[Spatial localization data]
————————

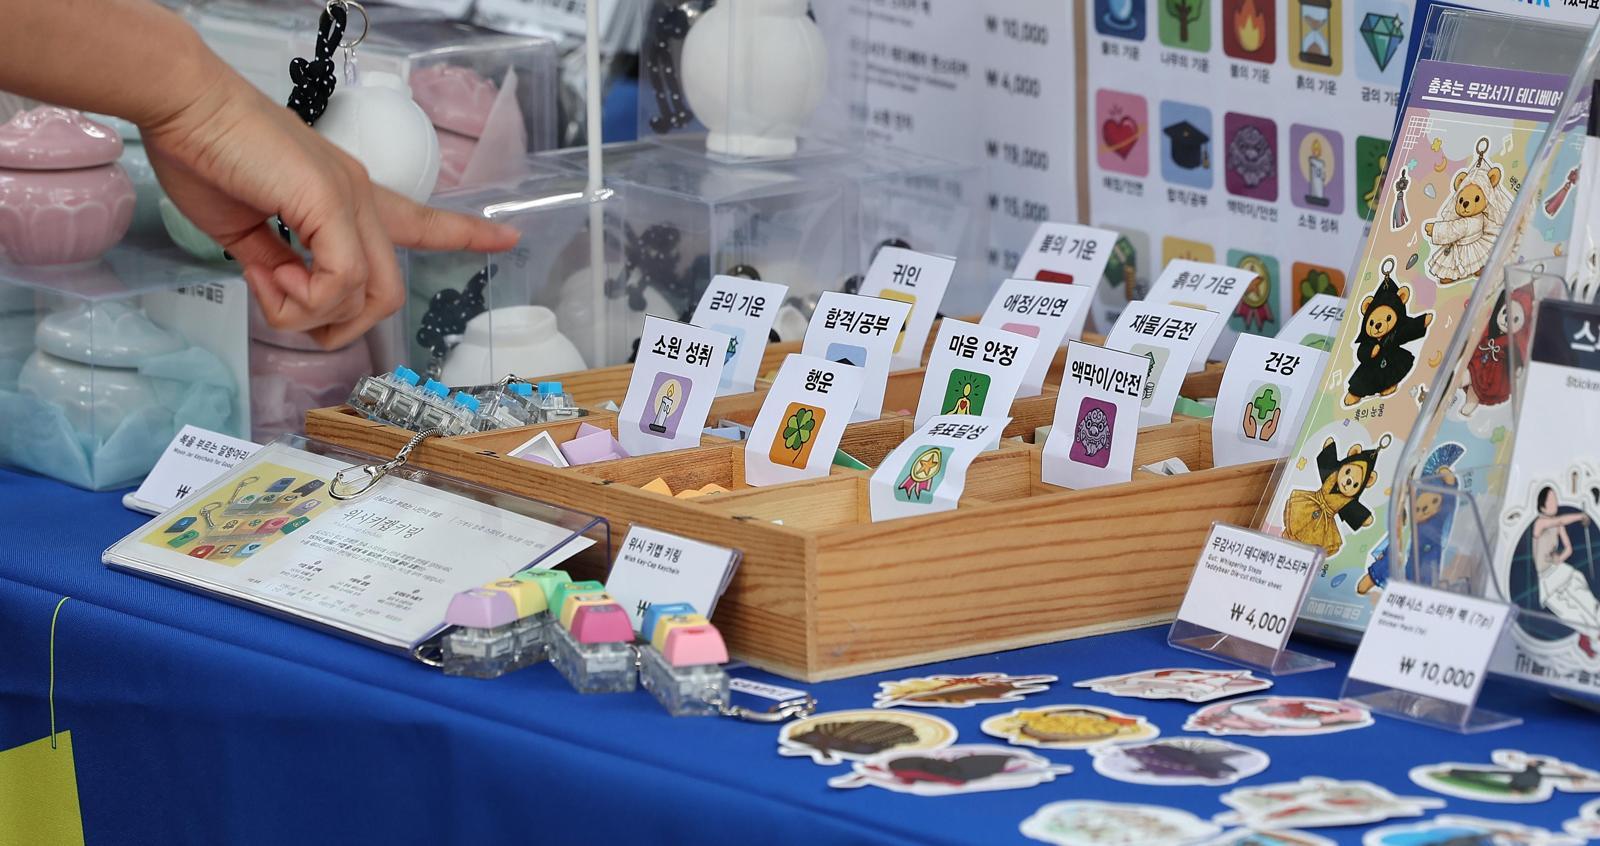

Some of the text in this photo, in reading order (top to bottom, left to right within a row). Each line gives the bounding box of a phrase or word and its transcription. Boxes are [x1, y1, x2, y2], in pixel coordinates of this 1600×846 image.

[1002, 18, 1049, 46] 10,000
[1122, 45, 1140, 61] 기운
[1160, 52, 1210, 73] 나무의 기운
[1001, 73, 1041, 98] 4,000
[1230, 63, 1271, 83] 불의 기운
[1317, 79, 1337, 95] 기운
[1362, 86, 1380, 103] 금의
[1428, 77, 1565, 107] 춤추는 무감서기 테디베어
[1297, 213, 1339, 233] 소원 성취
[1038, 234, 1097, 261] 불의 기운
[892, 263, 922, 288] 귀인
[1171, 270, 1237, 296] 흙의 기운
[709, 290, 766, 318] 금의 기운
[1003, 293, 1070, 318] 애정/인연
[824, 307, 891, 337] 합격/공부
[1128, 313, 1198, 342] 재물/금전
[1570, 320, 1600, 352] 스
[652, 334, 714, 368] 소원 성취
[948, 334, 1019, 367] 마음 안정
[1264, 351, 1301, 377] 건강
[804, 368, 835, 394] 행운
[1071, 360, 1143, 398] 액막이/안전
[928, 422, 988, 441] 목표달성
[179, 434, 250, 461] 복을 부르는 달항아리
[343, 508, 425, 539] 위시키캡키링
[628, 536, 683, 564] 위시 키캡 키링
[1212, 536, 1310, 577] 무감서기 테디베어 판스티커
[657, 562, 680, 575] Keychain
[1205, 561, 1230, 575] Teddybear
[1230, 569, 1249, 580] Die-cut
[1249, 575, 1267, 586] sticker
[1245, 608, 1287, 634] 4,000
[1425, 603, 1456, 621] 스티커
[1420, 660, 1476, 690] 10,000
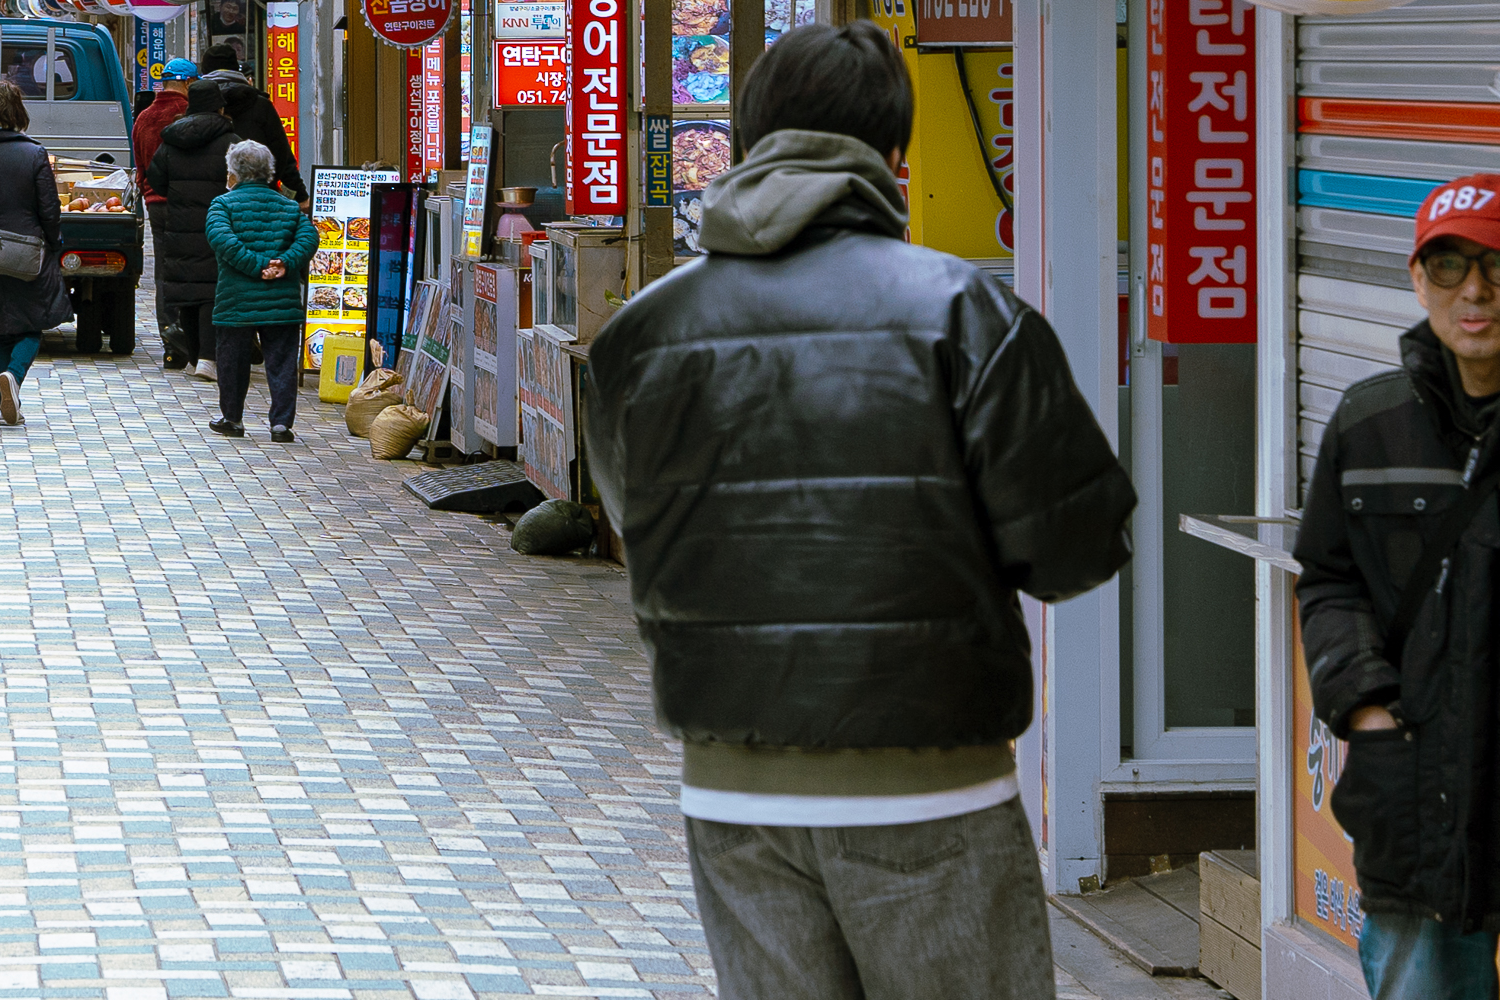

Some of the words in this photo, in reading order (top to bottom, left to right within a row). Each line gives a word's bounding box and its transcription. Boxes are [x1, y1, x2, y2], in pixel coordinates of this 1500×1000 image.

[503, 18, 529, 28] KNN
[153, 27, 163, 61] 해운대
[277, 32, 296, 103] 해운대
[427, 56, 440, 86] 메뉴
[410, 75, 422, 157] 생선구이정식
[427, 90, 441, 162] 포장됩니다
[650, 118, 669, 150] 쌀
[650, 155, 669, 204] 잡곡
[1429, 185, 1496, 221] 1987
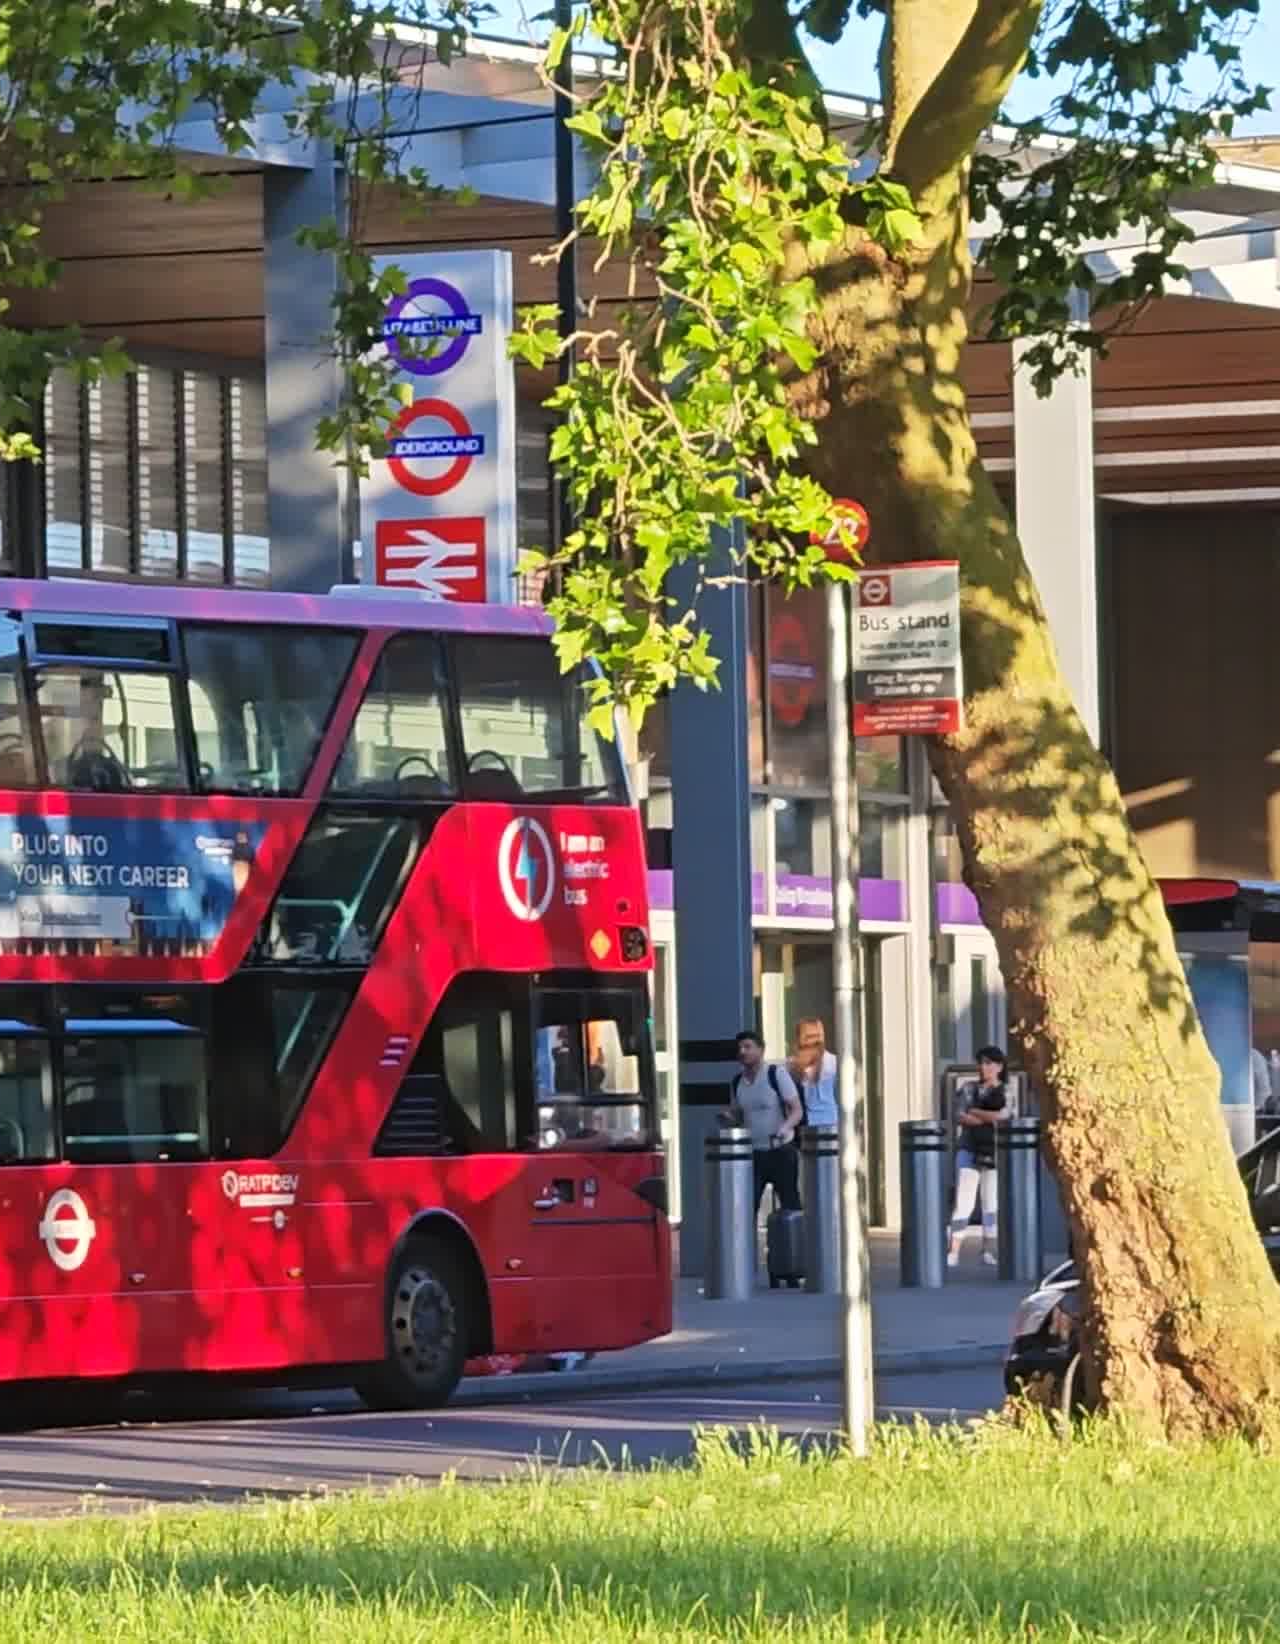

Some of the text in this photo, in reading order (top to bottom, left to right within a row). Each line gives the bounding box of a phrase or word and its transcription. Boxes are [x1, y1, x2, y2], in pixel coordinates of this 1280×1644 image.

[859, 611, 950, 631] Bus stand
[11, 833, 109, 858] PLUG INTO
[13, 862, 190, 889] YOUR NEXT CAREER
[564, 884, 588, 906] bus
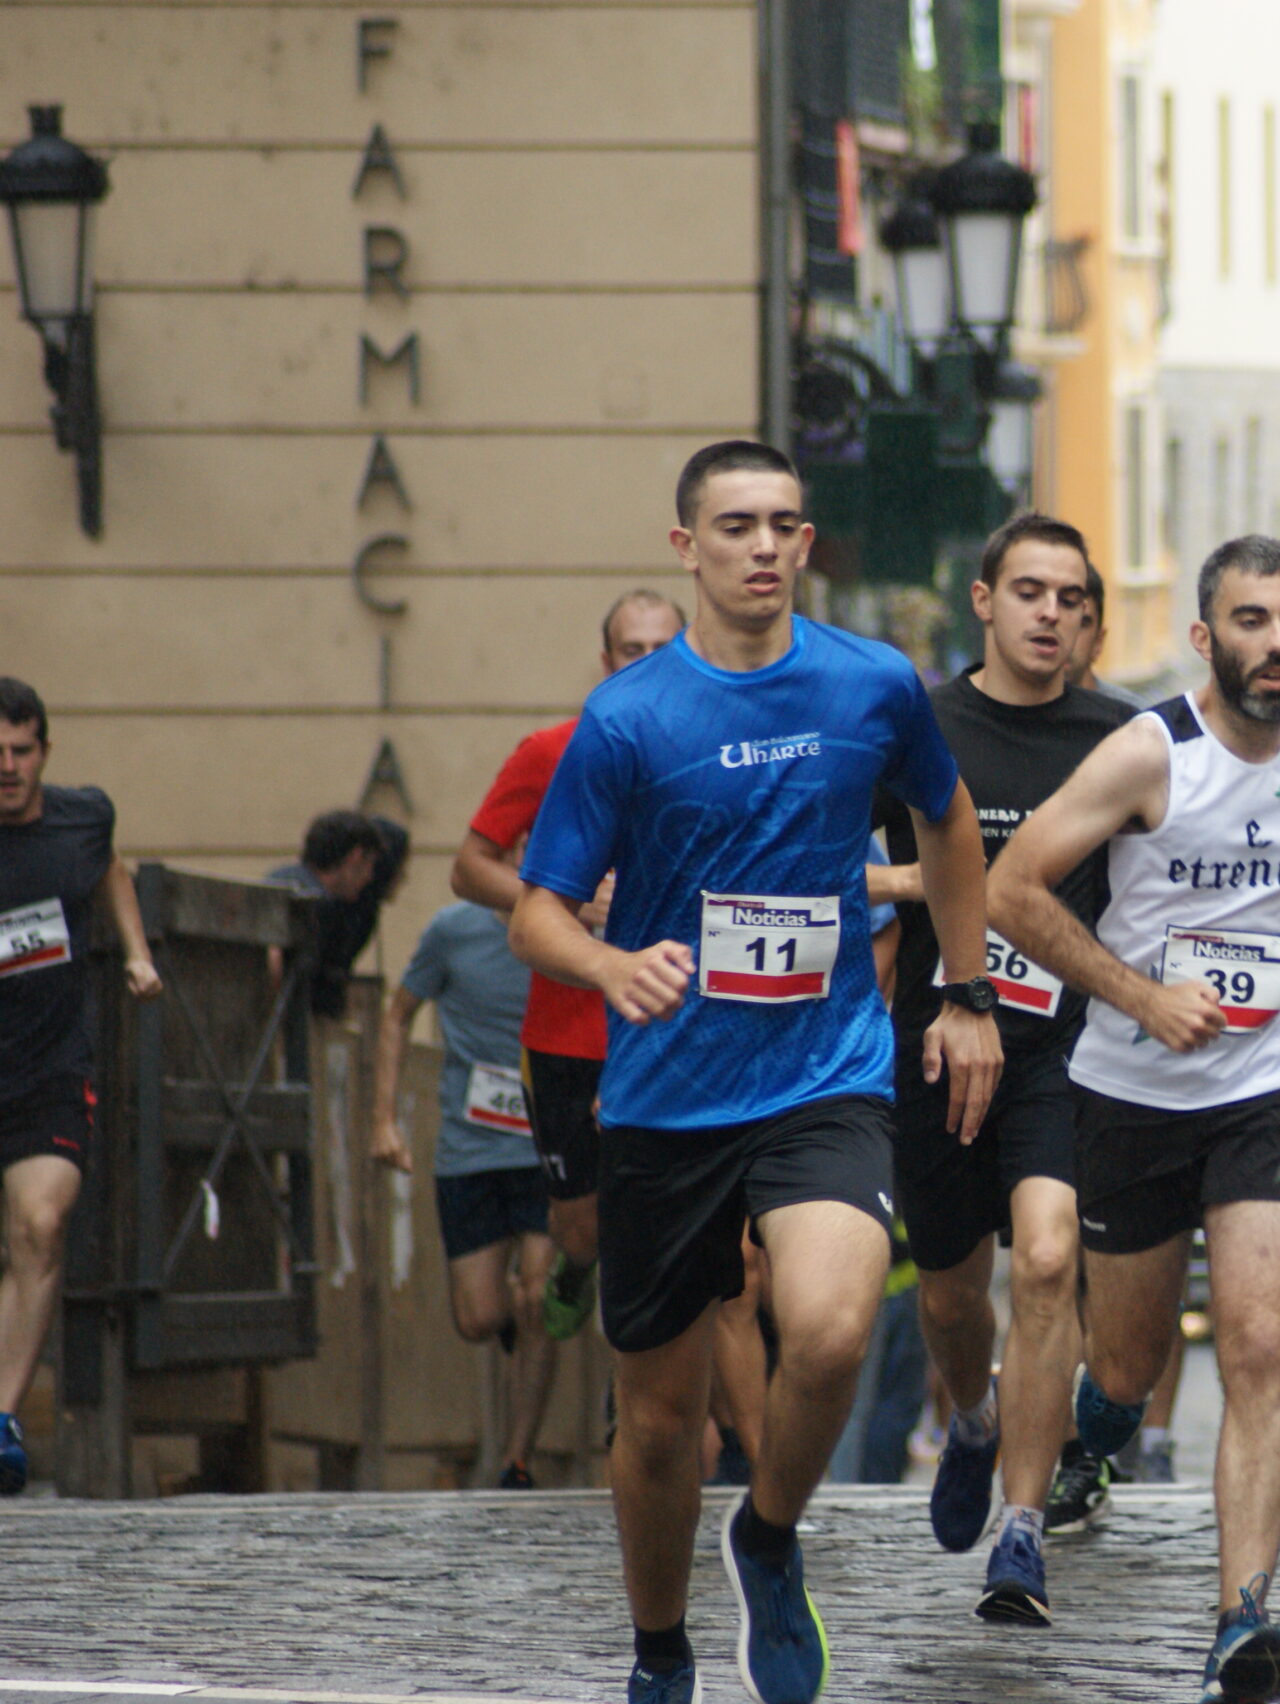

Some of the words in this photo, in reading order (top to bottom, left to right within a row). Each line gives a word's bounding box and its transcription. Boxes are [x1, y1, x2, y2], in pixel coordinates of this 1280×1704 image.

[352, 19, 421, 815] FARMACIA
[735, 908, 808, 926] Noticias
[745, 936, 797, 972] 11
[986, 942, 1028, 980] 56
[1196, 942, 1262, 961] Noticias
[1204, 968, 1255, 1003] 39

————————

All lines from the line containing "this 1280×1704 image." through the last line of the data are to be repeated exactly; no other line belongs in the answer.

- _THE COMPLETED TASK_:
Some of the words in this photo, in reading order (top to bottom, left to right within a row). Each line gives a word's bounding box and its transcription. Boxes are [x1, y1, x2, y2], in pixel coordinates of this 1280×1704 image.

[352, 19, 421, 815] FARMACIA
[735, 908, 808, 926] Noticias
[745, 936, 797, 972] 11
[986, 942, 1028, 980] 56
[1196, 942, 1262, 961] Noticias
[1204, 968, 1255, 1003] 39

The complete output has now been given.